Task details
Retype the records below exactly as they appear, but leave out any pictures.

Text-to-region grounding data
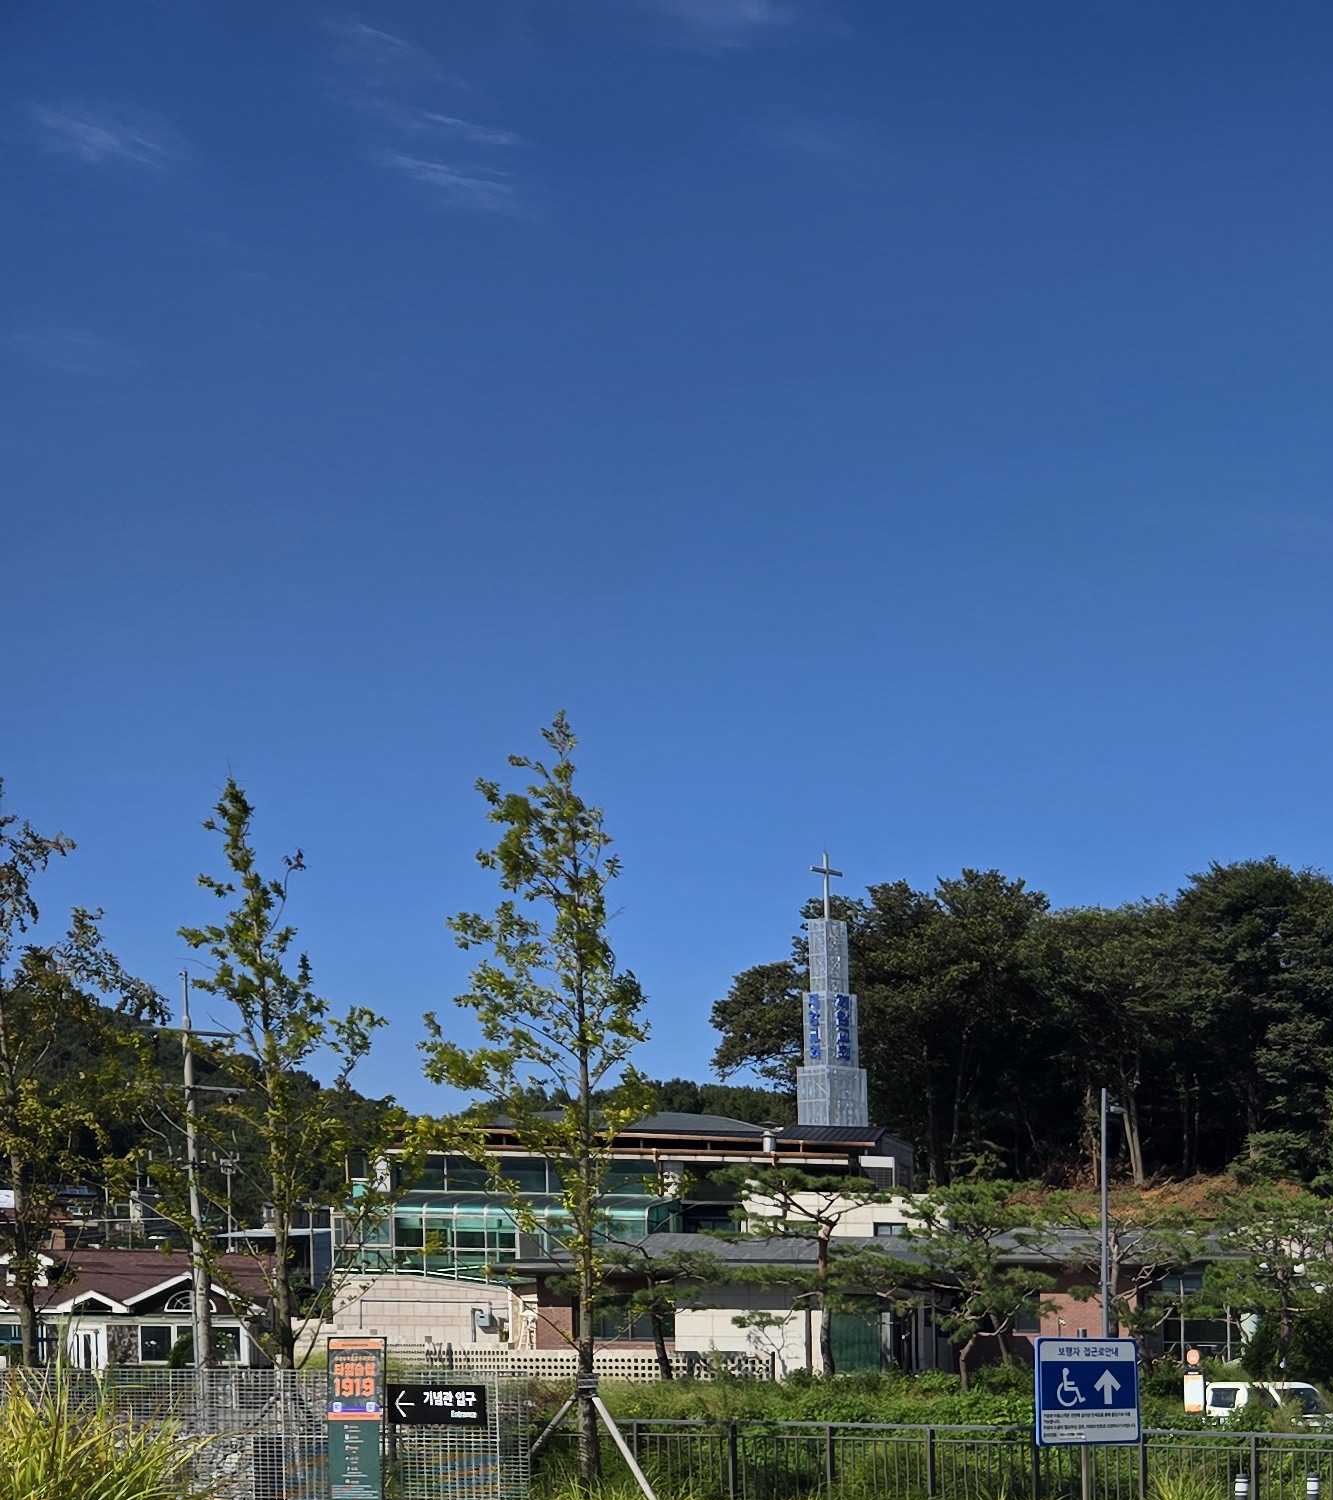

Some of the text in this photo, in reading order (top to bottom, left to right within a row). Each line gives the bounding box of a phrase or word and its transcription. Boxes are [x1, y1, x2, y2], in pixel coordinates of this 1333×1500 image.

[1058, 1347, 1118, 1356] 보행자 접근로안내
[334, 1377, 374, 1397] 1919
[423, 1391, 476, 1406] 기념관 입구
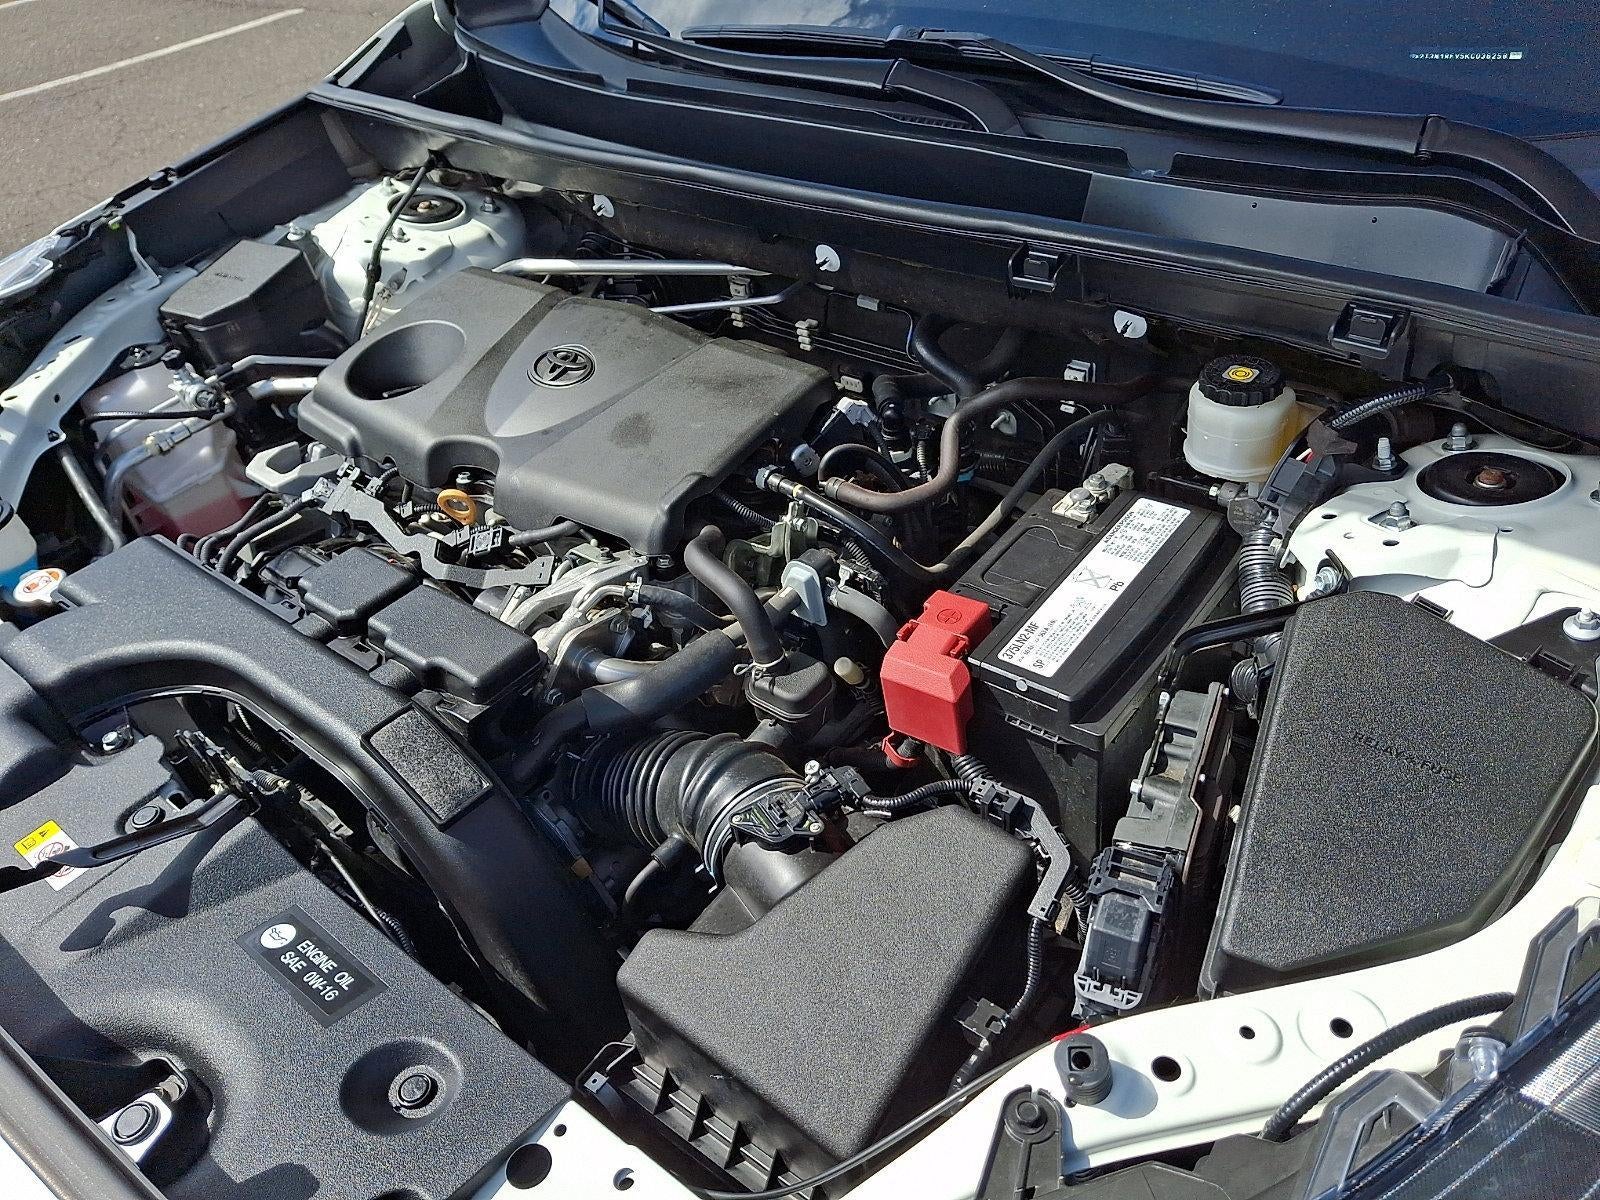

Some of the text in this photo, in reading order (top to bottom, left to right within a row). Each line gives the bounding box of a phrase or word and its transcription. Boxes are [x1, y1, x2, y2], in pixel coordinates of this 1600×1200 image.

[1109, 581, 1124, 591] Pb
[280, 951, 339, 1001] SAE 0W-16
[296, 940, 355, 991] ENGINE OIL

Answer space
Some of the text in this photo, in reading order (top to bottom, left to right within a row). Each line gives the bounding box of a phrase or word and its transcription. Boxes are [x1, y1, x2, y2], in pixel coordinates of this 1333×1500 image.

[1058, 1347, 1118, 1356] 보행자 접근로안내
[334, 1377, 374, 1397] 1919
[423, 1391, 476, 1406] 기념관 입구

Some of the text in this photo, in reading order (top to bottom, left to right within a row). Each line gives the bounding box of a phrase or word and its transcription. Boxes are [x1, y1, x2, y2], in pixel coordinates of this 1600×1200 image.

[1109, 581, 1124, 591] Pb
[280, 951, 339, 1001] SAE 0W-16
[296, 940, 355, 991] ENGINE OIL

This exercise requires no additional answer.